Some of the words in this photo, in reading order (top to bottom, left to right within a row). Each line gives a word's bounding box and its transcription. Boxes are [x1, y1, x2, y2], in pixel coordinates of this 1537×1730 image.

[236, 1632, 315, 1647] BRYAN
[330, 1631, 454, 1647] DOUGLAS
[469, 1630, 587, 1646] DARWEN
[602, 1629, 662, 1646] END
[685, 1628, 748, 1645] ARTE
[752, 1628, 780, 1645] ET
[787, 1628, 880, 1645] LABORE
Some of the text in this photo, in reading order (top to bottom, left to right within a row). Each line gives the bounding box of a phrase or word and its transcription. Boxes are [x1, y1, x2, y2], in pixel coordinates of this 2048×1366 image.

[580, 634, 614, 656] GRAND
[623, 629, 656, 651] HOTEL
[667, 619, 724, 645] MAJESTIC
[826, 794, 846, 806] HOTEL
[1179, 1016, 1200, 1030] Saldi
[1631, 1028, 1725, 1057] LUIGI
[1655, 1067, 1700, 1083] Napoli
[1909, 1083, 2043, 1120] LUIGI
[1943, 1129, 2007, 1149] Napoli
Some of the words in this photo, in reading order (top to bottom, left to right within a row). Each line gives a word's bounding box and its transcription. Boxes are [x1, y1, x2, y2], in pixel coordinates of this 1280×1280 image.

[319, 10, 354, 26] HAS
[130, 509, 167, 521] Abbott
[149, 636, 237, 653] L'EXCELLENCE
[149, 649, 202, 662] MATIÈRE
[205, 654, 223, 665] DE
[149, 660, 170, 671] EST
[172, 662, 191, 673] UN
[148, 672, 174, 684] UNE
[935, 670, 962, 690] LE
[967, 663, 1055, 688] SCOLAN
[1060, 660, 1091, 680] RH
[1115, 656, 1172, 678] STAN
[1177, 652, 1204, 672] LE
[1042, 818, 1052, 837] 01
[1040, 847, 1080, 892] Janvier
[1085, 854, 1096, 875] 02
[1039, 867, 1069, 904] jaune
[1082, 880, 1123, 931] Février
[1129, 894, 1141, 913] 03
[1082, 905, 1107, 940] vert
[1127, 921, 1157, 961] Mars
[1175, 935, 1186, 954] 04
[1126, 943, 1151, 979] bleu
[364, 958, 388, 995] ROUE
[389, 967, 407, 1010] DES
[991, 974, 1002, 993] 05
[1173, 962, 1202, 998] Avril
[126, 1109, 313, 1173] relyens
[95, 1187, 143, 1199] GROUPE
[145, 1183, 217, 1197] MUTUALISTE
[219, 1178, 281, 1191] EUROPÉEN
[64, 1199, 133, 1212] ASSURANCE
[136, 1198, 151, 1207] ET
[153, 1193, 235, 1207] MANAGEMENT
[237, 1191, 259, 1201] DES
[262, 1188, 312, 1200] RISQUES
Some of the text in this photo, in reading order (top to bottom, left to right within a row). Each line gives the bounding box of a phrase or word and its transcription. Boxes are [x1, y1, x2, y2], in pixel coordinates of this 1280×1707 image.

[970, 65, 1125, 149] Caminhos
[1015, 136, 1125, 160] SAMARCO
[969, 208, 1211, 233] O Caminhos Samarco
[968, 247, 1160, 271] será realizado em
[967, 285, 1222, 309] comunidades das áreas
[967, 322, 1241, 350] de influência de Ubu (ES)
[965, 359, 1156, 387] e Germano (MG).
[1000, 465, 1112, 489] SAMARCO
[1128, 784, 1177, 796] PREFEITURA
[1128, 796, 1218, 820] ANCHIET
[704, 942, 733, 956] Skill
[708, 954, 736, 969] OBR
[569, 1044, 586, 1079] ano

+-------+

WHAT THE EXERCISE ASKS. Print precisely the lines from the one with "this 1280×1280 image." through the end of the data above, adding nothing.

EXERCISE RESPONSE.
Some of the words in this photo, in reading order (top to bottom, left to right within a row). Each line gives a word's bounding box and its transcription. Boxes are [x1, y1, x2, y2], in pixel coordinates of this 1280×1280 image.

[319, 10, 354, 26] HAS
[130, 509, 167, 521] Abbott
[149, 636, 237, 653] L'EXCELLENCE
[149, 649, 202, 662] MATIÈRE
[205, 654, 223, 665] DE
[149, 660, 170, 671] EST
[172, 662, 191, 673] UN
[148, 672, 174, 684] UNE
[935, 670, 962, 690] LE
[967, 663, 1055, 688] SCOLAN
[1060, 660, 1091, 680] RH
[1115, 656, 1172, 678] STAN
[1177, 652, 1204, 672] LE
[1042, 818, 1052, 837] 01
[1040, 847, 1080, 892] Janvier
[1085, 854, 1096, 875] 02
[1039, 867, 1069, 904] jaune
[1082, 880, 1123, 931] Février
[1129, 894, 1141, 913] 03
[1082, 905, 1107, 940] vert
[1127, 921, 1157, 961] Mars
[1175, 935, 1186, 954] 04
[1126, 943, 1151, 979] bleu
[364, 958, 388, 995] ROUE
[389, 967, 407, 1010] DES
[991, 974, 1002, 993] 05
[1173, 962, 1202, 998] Avril
[126, 1109, 313, 1173] relyens
[95, 1187, 143, 1199] GROUPE
[145, 1183, 217, 1197] MUTUALISTE
[219, 1178, 281, 1191] EUROPÉEN
[64, 1199, 133, 1212] ASSURANCE
[136, 1198, 151, 1207] ET
[153, 1193, 235, 1207] MANAGEMENT
[237, 1191, 259, 1201] DES
[262, 1188, 312, 1200] RISQUES
Some of the text in this photo, in reading order (top to bottom, left to right within a row). Each line gives the bounding box of a phrase or word and its transcription. Boxes are [x1, y1, x2, y2], in pixel coordinates of this 1280×1707 image.

[970, 65, 1125, 149] Caminhos
[1015, 136, 1125, 160] SAMARCO
[969, 208, 1211, 233] O Caminhos Samarco
[968, 247, 1160, 271] será realizado em
[967, 285, 1222, 309] comunidades das áreas
[967, 322, 1241, 350] de influência de Ubu (ES)
[965, 359, 1156, 387] e Germano (MG).
[1000, 465, 1112, 489] SAMARCO
[1128, 784, 1177, 796] PREFEITURA
[1128, 796, 1218, 820] ANCHIET
[704, 942, 733, 956] Skill
[708, 954, 736, 969] OBR
[569, 1044, 586, 1079] ano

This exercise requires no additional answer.